The Incarnation is the belief that God the Son became a human being. That he entered the world the way all of us do, as a baby dependent upon his mother. As Chesterton notes in The Everlasting Man, this isn’t just a fact; it’s a fact that changes us:
Any agnostic or atheist whose childhood has known a real Christmas has ever afterwards, whether he likes it or not, an association in his mind between two ideas that most of mankind must regard as remote from each other; the idea of a baby and the idea of unknown strength that sustains the stars. His instincts and imagination can still connect them, when his reason can no longer see the need of the connection … It is no more inevitable to connect God with an infant than to connect gravitation with a kitten. It has been created in our minds by Christmas because we are Christians; because we are psychological Christians even when we are not theological ones. In other words, this combination of ideas has emphatically, in the much-disputed phrase, altered human nature.
The mystery of God coming to dwell with humankind – of divine power being held in a poor mother’s arms – inevitably changes us. God “humanizing” himself, especially into a blue-collar family who become refugees, carries a logic that leads to humanizing others instead of dehumanizing them. Chesterton goes on to say,
After that moment there could be no slaves. There could be and were people bearing that legal title until the Church was strong enough to weed them out, but there could be no more of the pagan repose in the mere advantage to the state of keeping it a servile state.
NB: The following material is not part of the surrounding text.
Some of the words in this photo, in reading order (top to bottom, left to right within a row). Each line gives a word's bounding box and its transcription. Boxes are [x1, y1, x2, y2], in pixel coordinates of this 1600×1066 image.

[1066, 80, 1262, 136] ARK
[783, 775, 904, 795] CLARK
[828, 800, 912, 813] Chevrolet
Individuals became important, in a sense in which no instruments can be important. A man could not be a means to an end, at any rate to any other man’s end.
(That little sound you hear is Tom Holland shouting “Amen!”)
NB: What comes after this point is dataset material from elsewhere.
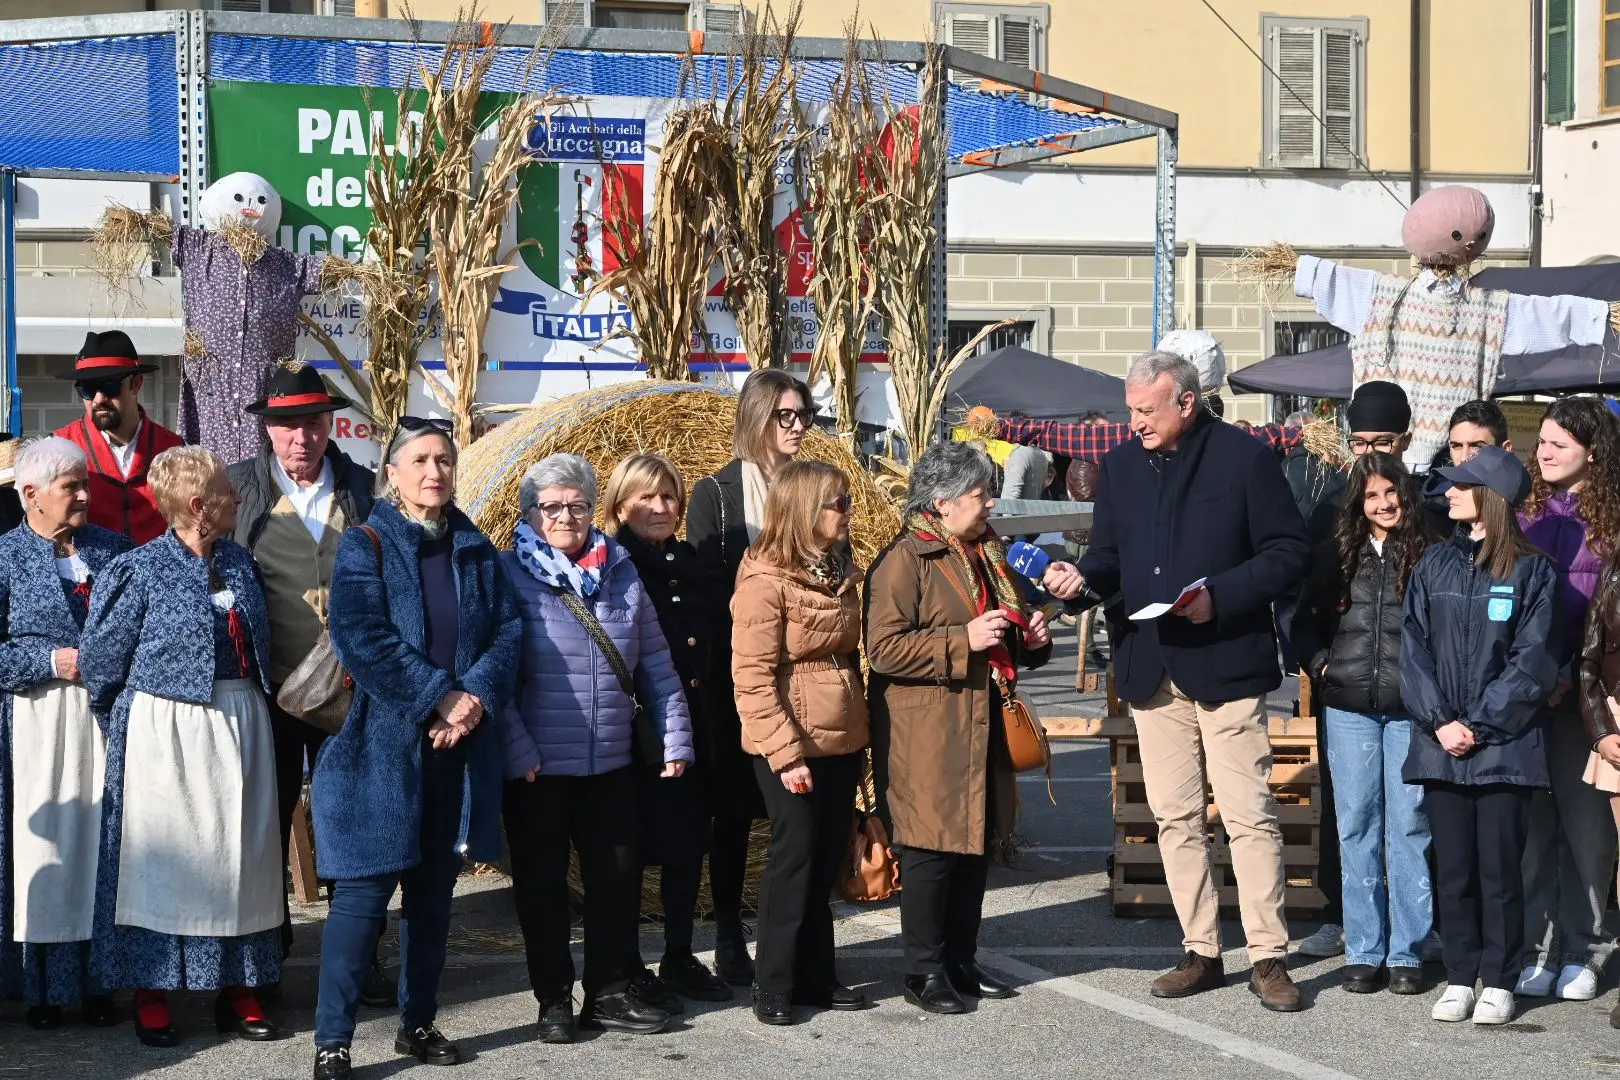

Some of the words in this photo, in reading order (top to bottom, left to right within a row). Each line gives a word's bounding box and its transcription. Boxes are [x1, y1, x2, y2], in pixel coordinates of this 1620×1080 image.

[550, 122, 565, 133] Gli
[617, 124, 642, 136] della
[536, 312, 627, 338] ITALIA
[723, 337, 741, 349] Gli
If, as the carol says, the slave is our brother, then the Christian soldier on the other side of the line is as well; and the non-Christian is our neighbor. The miracle of the Incarnation produced the miracle of the Christmas Truce, a spontaneous recognition of the humanity of the enemy.
May the miracles multiply.
Merry Christmas!
Image: British and German soldiers meeting during the truce. From Harold Robson / IWM.
via ChatGPT; but checked other places
I’m not a pacifist – I think Romans 13 makes a case for the possibility of just violence from governments, which could include just wars – but I can understand Christians who are.